--- Materials provided Enclosed Below ---
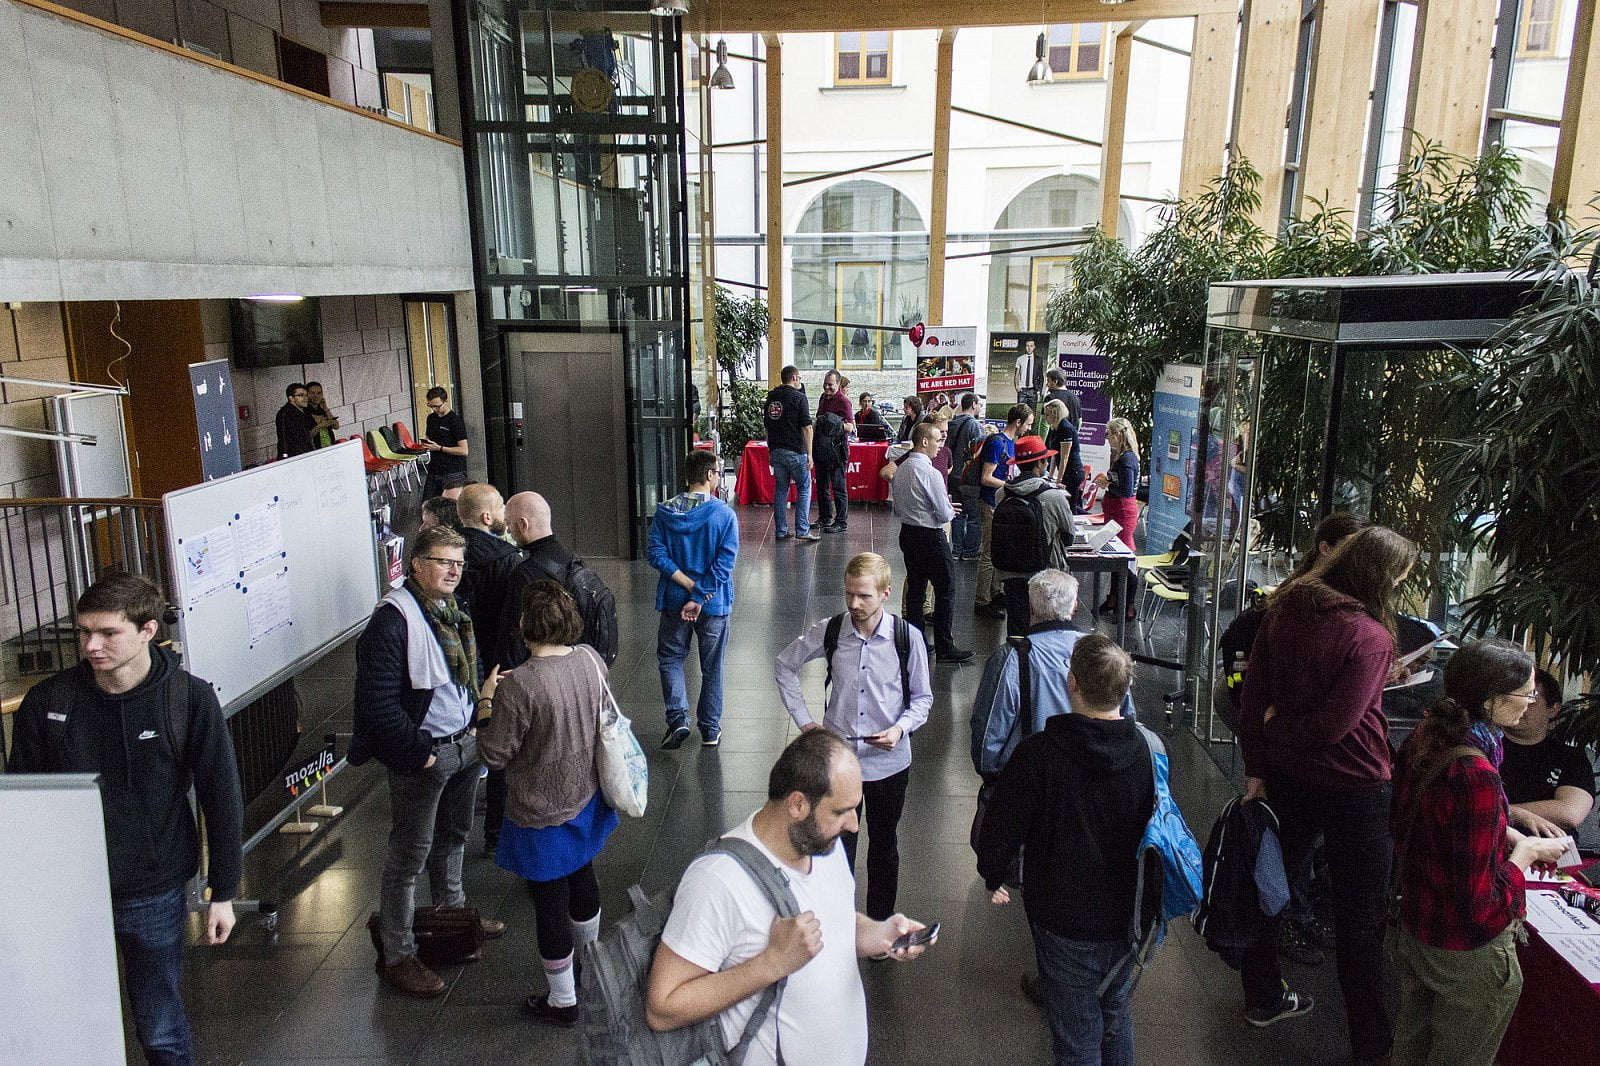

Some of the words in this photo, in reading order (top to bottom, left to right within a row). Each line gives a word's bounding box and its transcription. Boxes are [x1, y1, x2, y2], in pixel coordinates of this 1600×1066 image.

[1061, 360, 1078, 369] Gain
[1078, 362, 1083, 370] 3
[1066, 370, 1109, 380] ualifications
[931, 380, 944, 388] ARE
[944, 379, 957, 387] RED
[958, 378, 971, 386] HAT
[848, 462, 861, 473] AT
--- End of Enclosed Materials provided ---
Task directions: The result should be all the records, retyped exactly, with no pictures among them.

Output below:
Some of the words in this photo, in reading order (top to bottom, left to right within a row). Each line gives a word's bounding box and its transcription. Boxes are [x1, y1, x2, y2], in pixel coordinates of this 1600×1066 image.

[1061, 360, 1078, 369] Gain
[1078, 362, 1083, 370] 3
[1066, 370, 1109, 380] ualifications
[931, 380, 944, 388] ARE
[944, 379, 957, 387] RED
[958, 378, 971, 386] HAT
[848, 462, 861, 473] AT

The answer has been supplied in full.